- [Provided data]:
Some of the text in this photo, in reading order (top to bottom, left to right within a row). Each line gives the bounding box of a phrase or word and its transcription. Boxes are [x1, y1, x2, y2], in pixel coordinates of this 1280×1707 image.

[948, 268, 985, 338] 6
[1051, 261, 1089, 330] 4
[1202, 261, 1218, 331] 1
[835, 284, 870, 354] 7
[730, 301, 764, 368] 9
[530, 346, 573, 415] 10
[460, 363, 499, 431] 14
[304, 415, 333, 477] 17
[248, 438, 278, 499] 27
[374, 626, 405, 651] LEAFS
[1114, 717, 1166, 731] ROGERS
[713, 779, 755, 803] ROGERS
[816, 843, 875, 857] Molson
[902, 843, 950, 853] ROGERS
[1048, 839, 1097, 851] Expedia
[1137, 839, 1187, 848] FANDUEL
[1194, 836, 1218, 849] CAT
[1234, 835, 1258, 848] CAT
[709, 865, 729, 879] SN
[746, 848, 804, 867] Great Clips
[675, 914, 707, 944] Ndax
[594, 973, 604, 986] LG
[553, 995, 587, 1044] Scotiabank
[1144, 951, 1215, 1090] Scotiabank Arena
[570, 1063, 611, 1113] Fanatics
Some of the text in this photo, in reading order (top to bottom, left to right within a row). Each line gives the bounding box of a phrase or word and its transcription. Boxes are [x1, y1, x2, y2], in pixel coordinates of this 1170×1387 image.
---
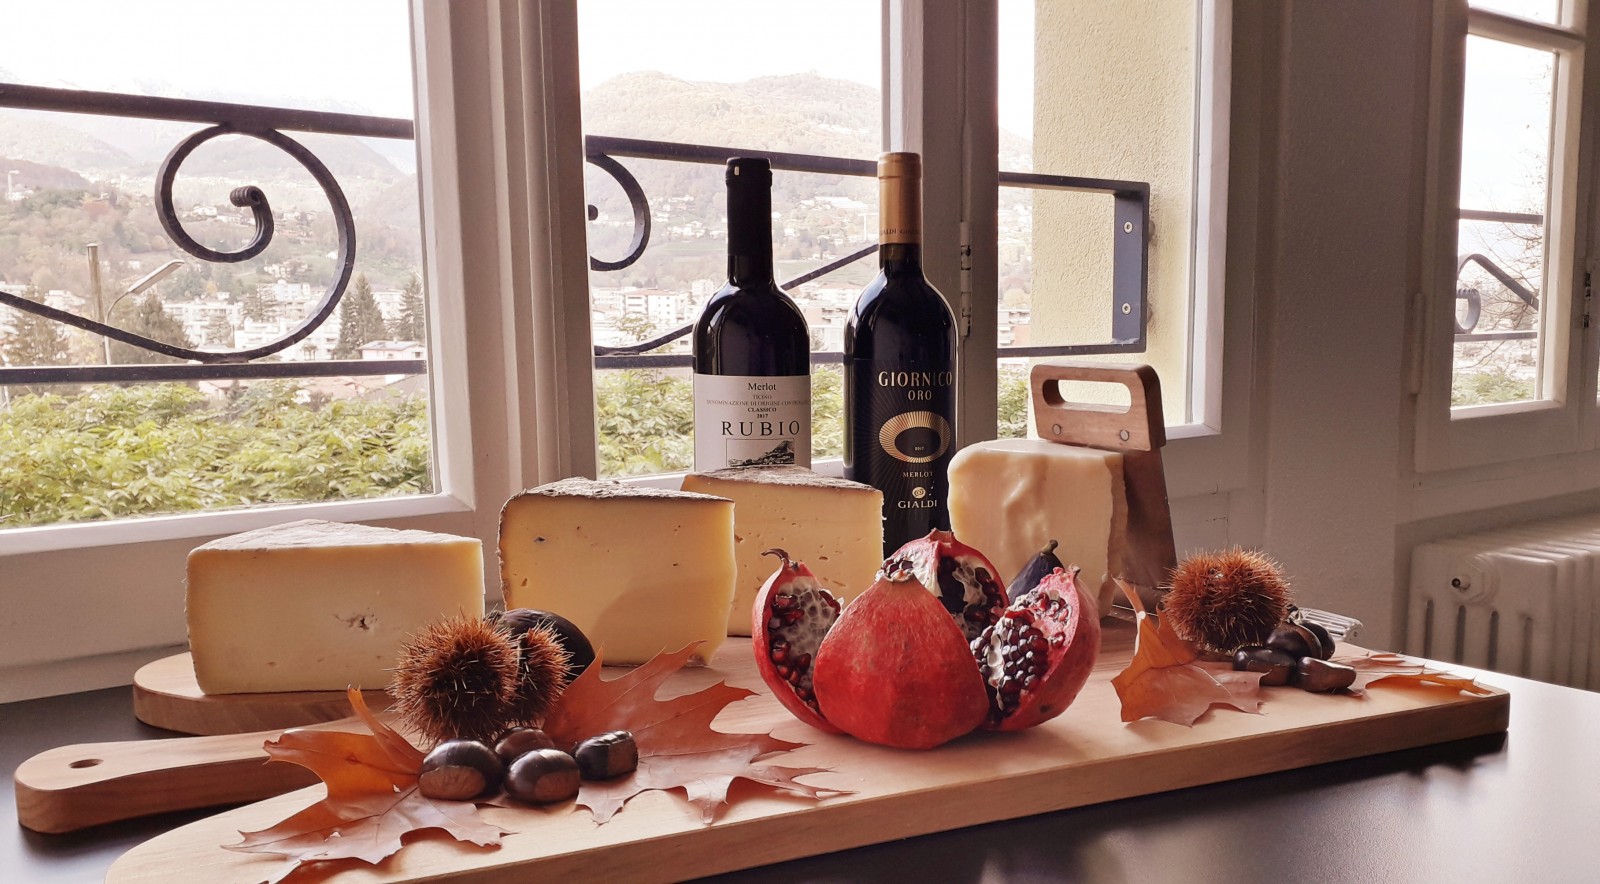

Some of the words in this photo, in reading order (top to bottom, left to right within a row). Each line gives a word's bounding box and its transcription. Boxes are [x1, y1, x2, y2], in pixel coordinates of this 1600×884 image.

- [Instructions for the task]: Print exactly the lines above, between the one holding "this 1280×1707 image." and the one holding "this 1170×1387 image.", inclusive, and nothing besides.

- [Result of the task]:
Some of the text in this photo, in reading order (top to bottom, left to right within a row). Each line gives the bounding box of a phrase or word and its transcription. Boxes are [x1, y1, x2, y2], in pixel coordinates of this 1280×1707 image.

[948, 268, 985, 338] 6
[1051, 261, 1089, 330] 4
[1202, 261, 1218, 331] 1
[835, 284, 870, 354] 7
[730, 301, 764, 368] 9
[530, 346, 573, 415] 10
[460, 363, 499, 431] 14
[304, 415, 333, 477] 17
[248, 438, 278, 499] 27
[374, 626, 405, 651] LEAFS
[1114, 717, 1166, 731] ROGERS
[713, 779, 755, 803] ROGERS
[816, 843, 875, 857] Molson
[902, 843, 950, 853] ROGERS
[1048, 839, 1097, 851] Expedia
[1137, 839, 1187, 848] FANDUEL
[1194, 836, 1218, 849] CAT
[1234, 835, 1258, 848] CAT
[709, 865, 729, 879] SN
[746, 848, 804, 867] Great Clips
[675, 914, 707, 944] Ndax
[594, 973, 604, 986] LG
[553, 995, 587, 1044] Scotiabank
[1144, 951, 1215, 1090] Scotiabank Arena
[570, 1063, 611, 1113] Fanatics
Some of the text in this photo, in reading order (top to bottom, left to right within a row). Each line gives the bounding box of a phrase or word and its transcription. Boxes are [x1, y1, x2, y2], in pixel coordinates of this 1170×1387 image.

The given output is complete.